Most overrated Chinese story lines
Gold: Smog (31). Yeah, it was sci-fi horrible the first few days. And everyone obsessed on it, because there were no competitions yet and there was nothing else to do. But then it cleared, and pretty much never came back. We had a ton of blue sky the past two weeks, and the heat was overrated, too.
Silver: Liu Xiang (32). The country's hero never cleared a single hurdle in competition here, pulling out with an injury in the prelims. Talk about a letdown.
Bronze: Project 119 (33). Shortly after China was awarded the Games in 2001, officials came up with Project 119 -- 119 represents the number of gold medals awarded at the 2000 Sydney Olympics in swimming, track and field and other water-based events like canoe and kayak. In Beijing, the number of golds increased to 122. In Sydney, China won just one gold within those sports. In Athens, that number increased to four. So, how did the Chinese fare on home soil? Overall, it had a smashing Games, racking up a world-best 51 golds. But it didn't come close in the "119" sports, taking home only one gold each in the women's 200-meter fly, men's canoe/kayak, women's rowing and women's sailing.

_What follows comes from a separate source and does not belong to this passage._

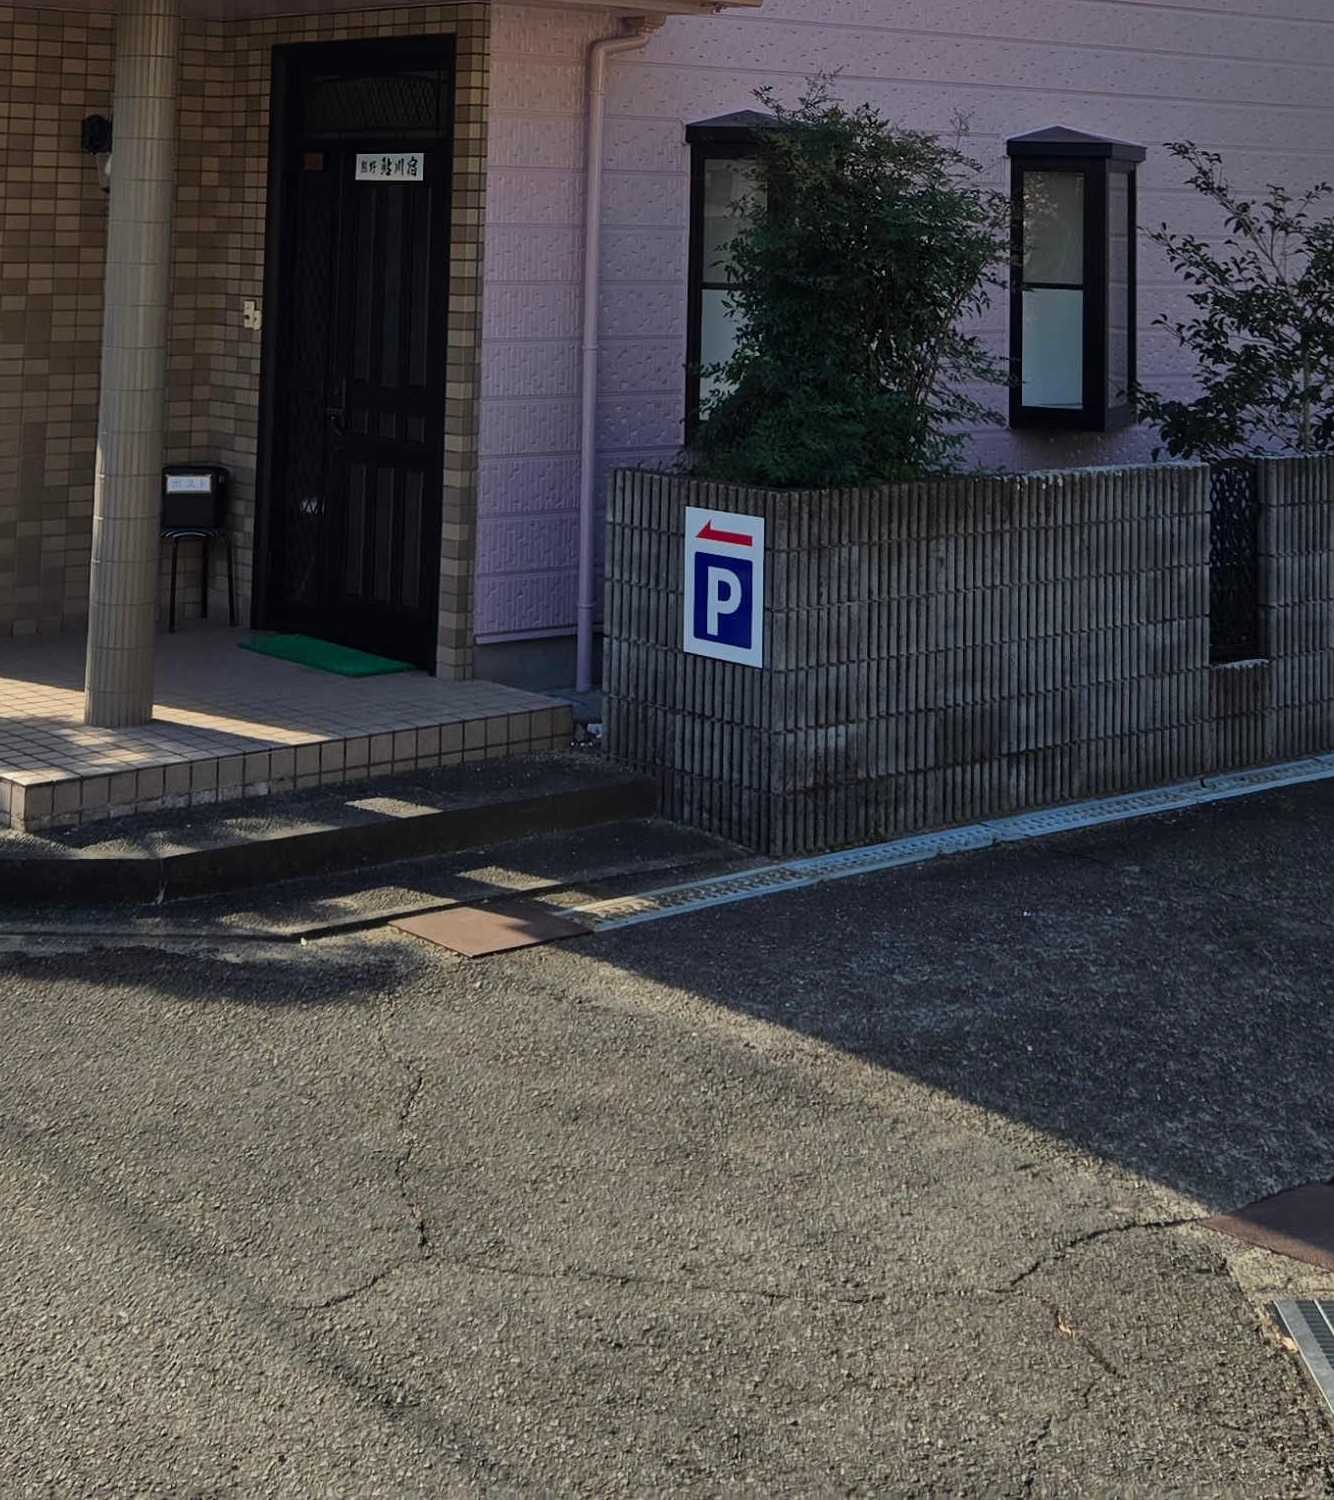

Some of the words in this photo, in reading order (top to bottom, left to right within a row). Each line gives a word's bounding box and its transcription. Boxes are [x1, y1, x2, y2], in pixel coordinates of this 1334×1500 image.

[171, 477, 206, 489] ポスト
[706, 565, 742, 636] P

Gold: Seriousness (34). The folks here don't exactly cut up like, say, the Aussies in Sydney in 2000. The Olympic pastime among them was taking their picture in front of the venues, and 80 percent of them weren't smiling for the camera. There was one moment of humor Saturday, when Jeff Duncan of the New Orleans Times-Picayune went to the Main Press Center help desk to get his going-away media gift: a genuine bronze medal. Jeff's playing question, "Why not a gold?" was met with a surprisingly playful response from a volunteer: "Work harder next time." That prompted The Metric Dash to chuckle and hold up a hand for a high five from the volunteer. She looked at the hand as if it were radioactive. End of high jinks.
Silver: Helpfulness (35). The Chinese service industry generally bent over backward to please. Of course, when you have volunteers on every street corner, in every hotel lobby and crawling around every venue, things tend to work well. One thing China never runs out of is manpower. One night at the patio bar of The Metric Dash's hotel, there were 17 patrons and 15 workers. Not too difficult to get a waiter's attention with a ratio like that.

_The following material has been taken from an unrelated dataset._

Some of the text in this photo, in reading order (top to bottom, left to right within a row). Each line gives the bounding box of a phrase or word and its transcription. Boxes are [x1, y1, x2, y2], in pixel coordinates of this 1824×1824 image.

Bronze: Diligence (36). One night, The Metric Dash left his BlackBerry in the back of a cab, and figured it was lost forever. Yet, 24 hours later, a note was in the hotel room inquiring about ownership of said BlackBerry. How the cabbie and the hotel managed to track down The Metric Dash remains a mystery. Regardless, it's not the kind of thing you see happening in Manhattan every lunar eclipse. (The flip side of that anecdote was the dozen cab drivers who meandered around Beijing, hopelessly lost. The Metric Dash has never seen so many cabbies with no idea where anything is.)

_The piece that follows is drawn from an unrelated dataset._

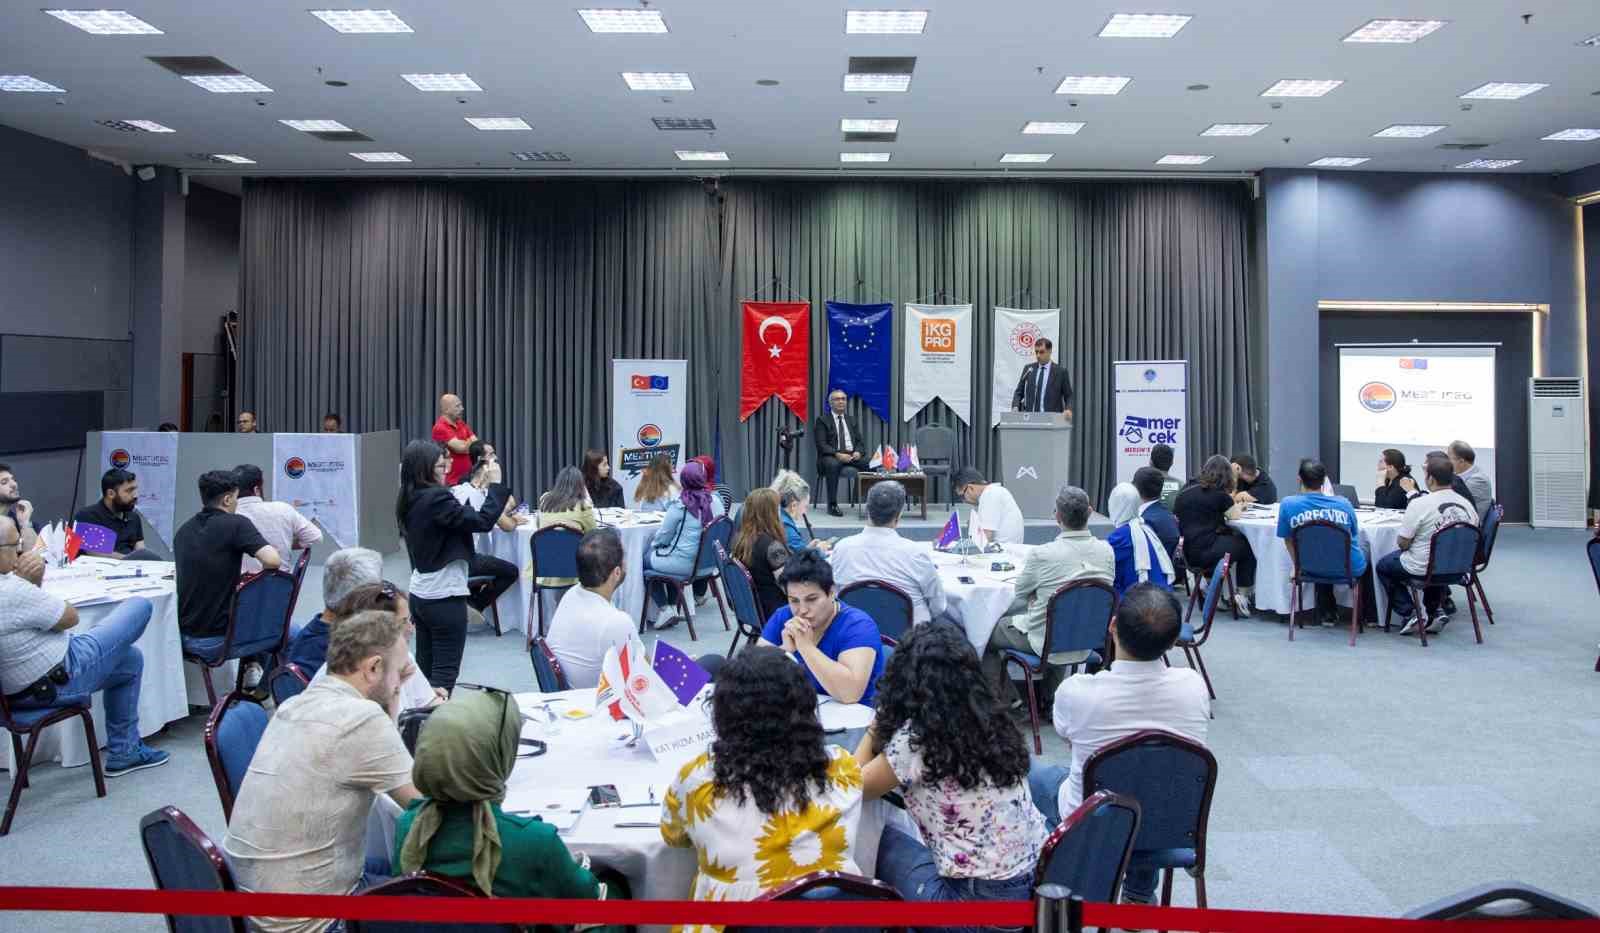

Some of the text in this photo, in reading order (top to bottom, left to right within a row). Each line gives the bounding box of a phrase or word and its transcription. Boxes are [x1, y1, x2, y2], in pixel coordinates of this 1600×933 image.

[925, 337, 952, 347] PRO
[1147, 418, 1182, 430] mer
[1148, 430, 1177, 444] cek

Best Chinese things to experience
Gold: The Great Wall (37). Nothing else like it, anywhere.
Silver: The Silk Market (38). This is full-contact shopping like nothing in the Western world. It's five stories of booths manned by astonishingly aggressive shopgirls, who literally will grab you and drag you into their micro-store in an attempt to sell you everything from shirts to jeans to shoes to luggage to, yes, silk dresses. Once you're in, expect a hard-core bartering battle conducted on a calculator -- you pressing buttons, them countering -- with prices starting at roughly 10 times what you might end up paying if you play hardball. The saleswomen alternate between flirtation and anger, depending on how the negotiations are going.
Bronze: Opening Ceremony (39). They sure seemed great, back before we heard how much was fake and how badly some of the participants were treated. But the flame-lighting remains an all-time show stopper.
Point after ...
When hungry in Beijing, The Metric Dash has one place not to recommend, on name alone: Country Ass (40). In general, there is a lot of food not to recommend there. The Metric Dash is ready for some barbecued ribs, please.